COVID-19 modifications are marked in red
Course: News Analytics and Machine Learning (NYU FRE GY 7871 - I2)
Term: Fall 2020, first half
Instructor: Andrew Arnold (firstname.lastname@example.org)
Disclaimer: All views and opinions expressed by the instructor in this course are his own and do not reflect the views, opinions, or confidential information of any of his current or former employers.
Office hours: by appointment
Litai Ren (email@example.com). Office hours: 9 - 11 am (EST) every Friday, or by appointment 2 - 11 pm (EST) every Friday. E-mail for zoom id.
Time: Tuesdays, 6:00 PM - 8:41 PM
Course style: Due to COVID-19, this class will be taught virtually. There will be no in-person meetings. Classes will consist of:
Given the small class size, the course will be taught as a colloquium. New topics will be introduced in interactive lecture format, and then discussed and expanded by the group. These topics will then be built upon in the team projects, which will be further discussed and presented to the class. Active class attendance and participation is required (whether via live zoom or virtual forum participation). Since this will be a challenging mode of instruction/learning for all, we will try to be as accommodating and adaptive as possible. Your active participation and feedback (whether live or virtual) will be crucial for making the class as successful as possible!
- Live on-line lectures (via Zoom), including:
For those not able to attend lectures live, the sessions will be recorded, and questions/discussion can take place via NYU Classes forum or e-mail.
- Instructor presentation with virtual whiteboard and slides
- Live student questions/interaction
- Pre-recorded lectures / slide presentations
- Off-line resources such as slides, textbooks, videos, etc
- Virtual classroom discussion / presentations
- Virtual project group discussions / collaboration
* Note about late registration: Since the class only meets seven times and the first homework is assigned on the first day of class, it may be difficult to make up for missed homework and attendance if you miss even the first day of class. Please let me know if you are considering joining the class late so we can discuss the implications.
- Attendance and participation*: 25% (non-live attendance consists of viewing recorded lectures and answering discussion questions)
- Homework*: 10%
- Midterm exam: 15% (this will be a live, proctored exam)

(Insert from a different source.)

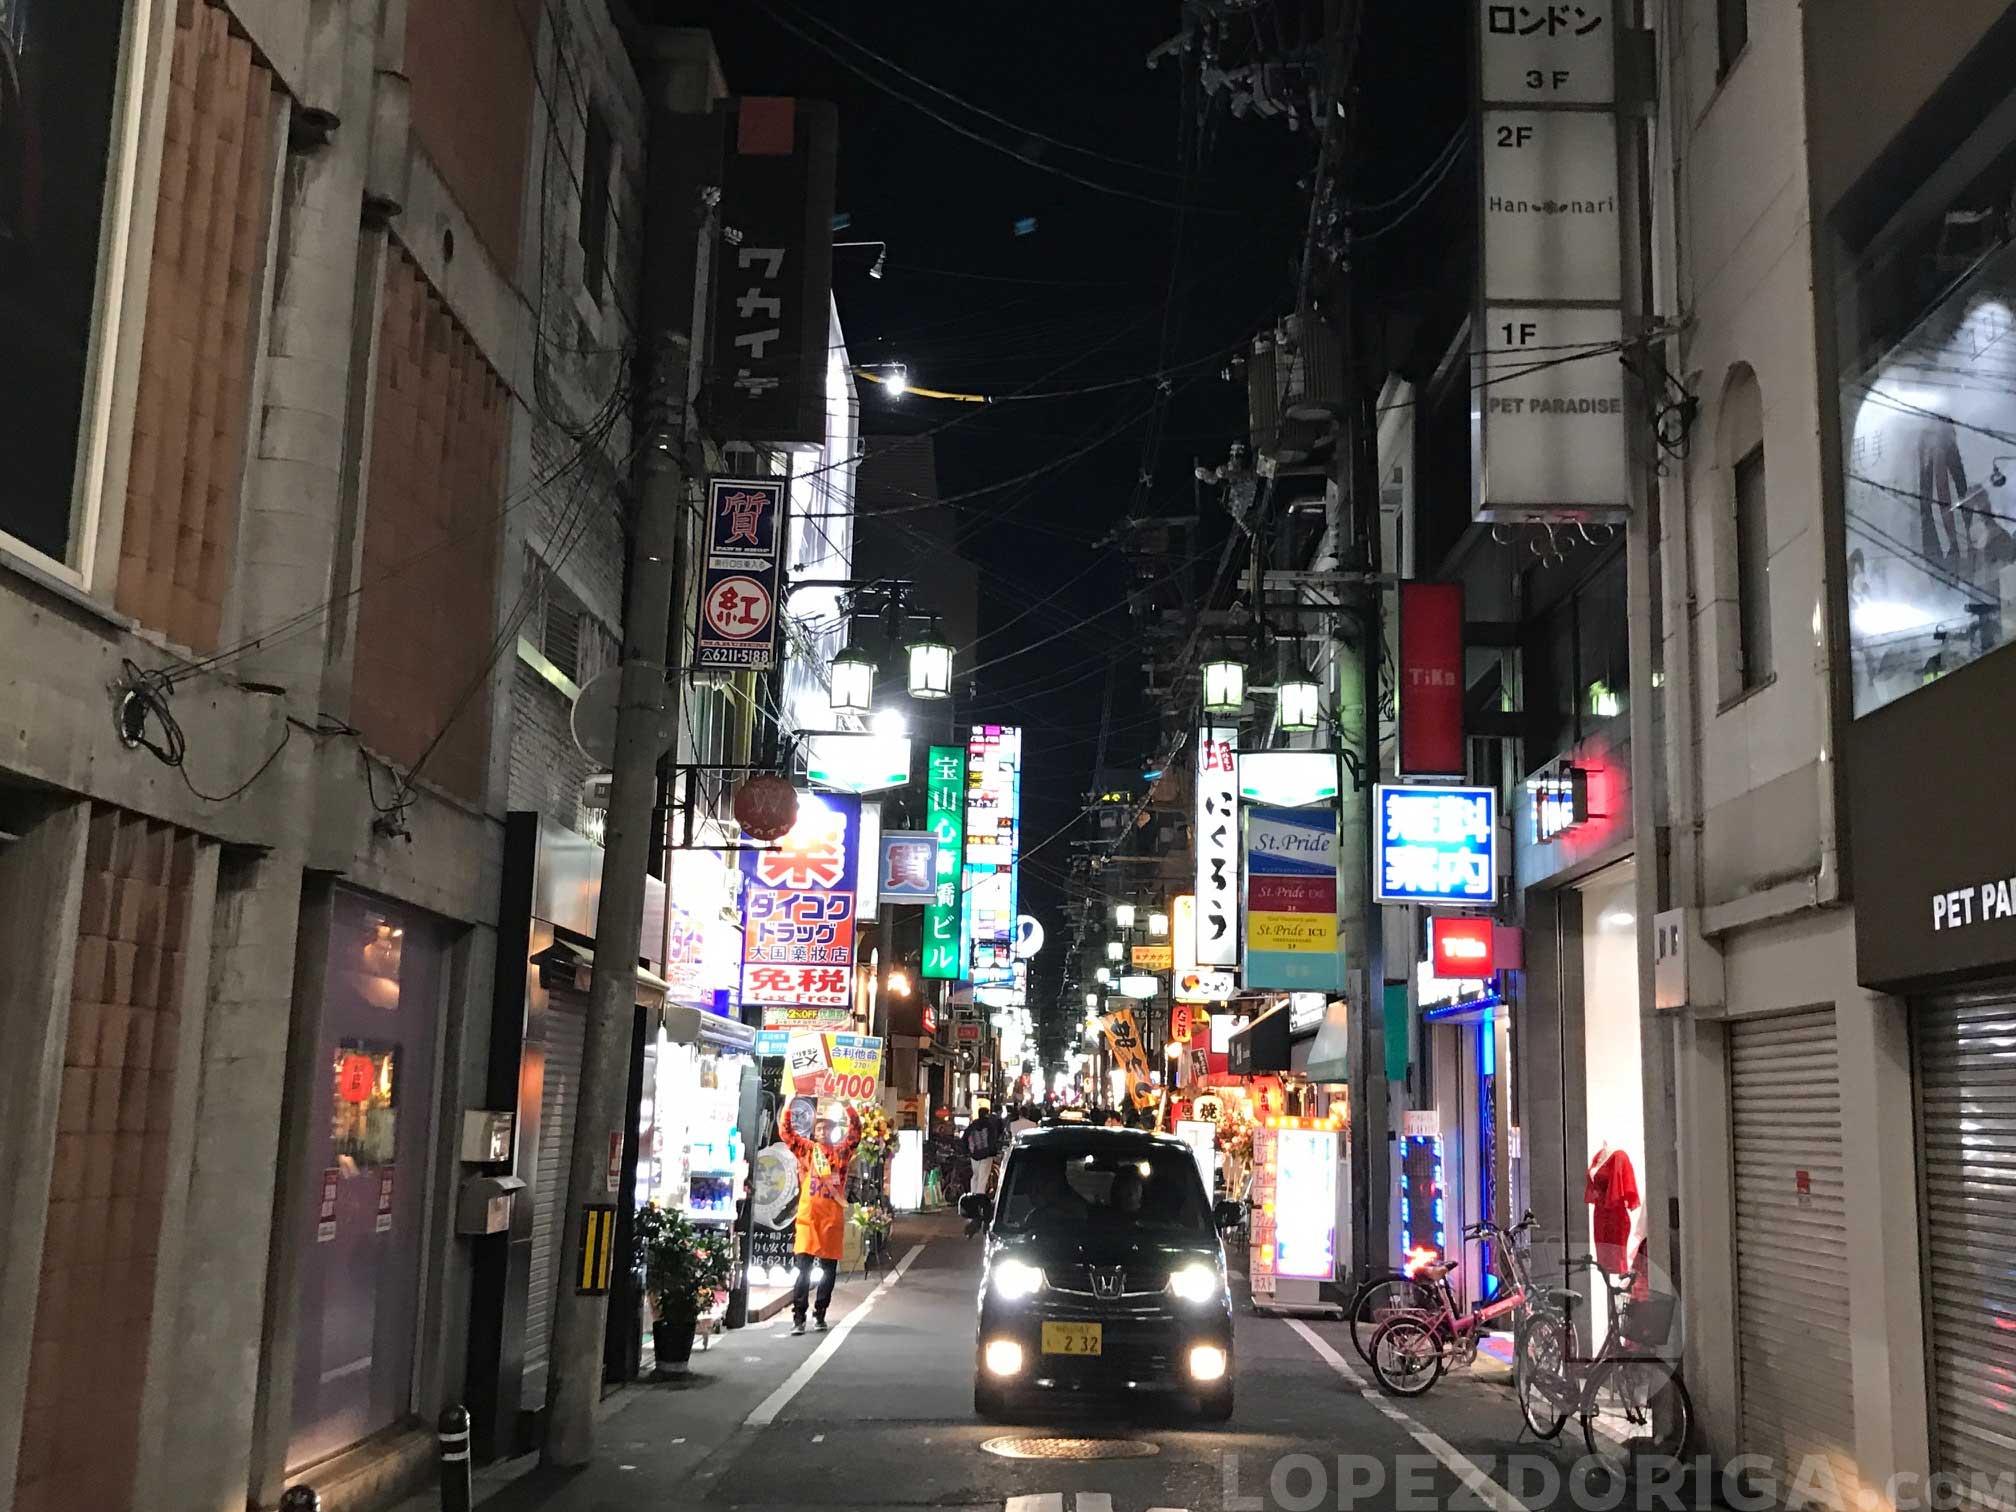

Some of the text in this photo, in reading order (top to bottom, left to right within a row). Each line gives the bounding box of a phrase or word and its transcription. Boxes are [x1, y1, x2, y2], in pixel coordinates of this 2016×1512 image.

- Course project: 50% total (when necessary, presentations can be pre-recorded, taking questions off-line)
- Project proposal: 15%
- Midterm presentation: 35%
- Final presentation: 50%
Collaboration policy: As in the real world, collaboration is encouraged, but plagiarism is not. Transparency is the difference. If you collaborate (with other members of this class, other classes, colleagues, friends, random people on the internet) that is fine, just state so. If the contributions of authors for a particular work is uneven, just give a rough estimate of each author's contribution (e.g., A did most of the math, B did most of the programming, and C did the literature review). Feel free to use all publicly available resources on the internet, but please cite them if they are used as more than basic background research (both to give proper credit to the original author and to help your peers discover new resources). Since this is a special topics course, I tend to assume students are interested in learning the material and thus give the benefit of the doubt. If proper credit is not given, however, or if bad faith / dishonesty is shown, consequences can be severe, including failing the class and referral to the administration.
Diversity, equity and inclusion: The NYU Tandon School values an inclusive and equitable environment for all our students. I hope to foster a sense of community in this class and consider it a place where individuals of all backgrounds, beliefs, ethnicities, national origins, gender identities, sexual orientations, religious and political affiliations, and abilities will be treated with respect. It is my intent that all students’ learning needs be addressed both in and out of class, and that the diversity that students bring to this class be viewed as a resource, strength and benefit. If this standard is not being upheld, please feel free to speak with me.
The fast-growing field of news analytics requires large databases, fast computation, and robust statistics. This course introduces the tools and techniques of analyzing news, how to quantify textual items based on, for example, positive or negative sentiment, relevance to each stock, and the amount of novelty in the content. Applications to trading strategies are discussed, including both absolute and relative return strategies, and risk management strategies. Students will be exposed to leading software in this space.
Students will benefit from some familiarity with basic probability, statistics and programming (python), and an interest in natural language processing (NLP) or computational linguistics. While the course will introduce a few trading strategies, it will also focus on NLP as a tool in its own right, applicable to domains outside of quantitative trading strategies.
There will be readings, discussion, homework, a midterm exam and a final project.
After this course you should be able to:
- Build a basic trading strategy based on natural language signals:
- Identify, locate and clean appropriate data sources.
- Formulate a trading hypothesis based on natural language signals.
- Investigate this hypothesis qualitatively and quantitatively, using statistical, programming, nlp and trading best practices.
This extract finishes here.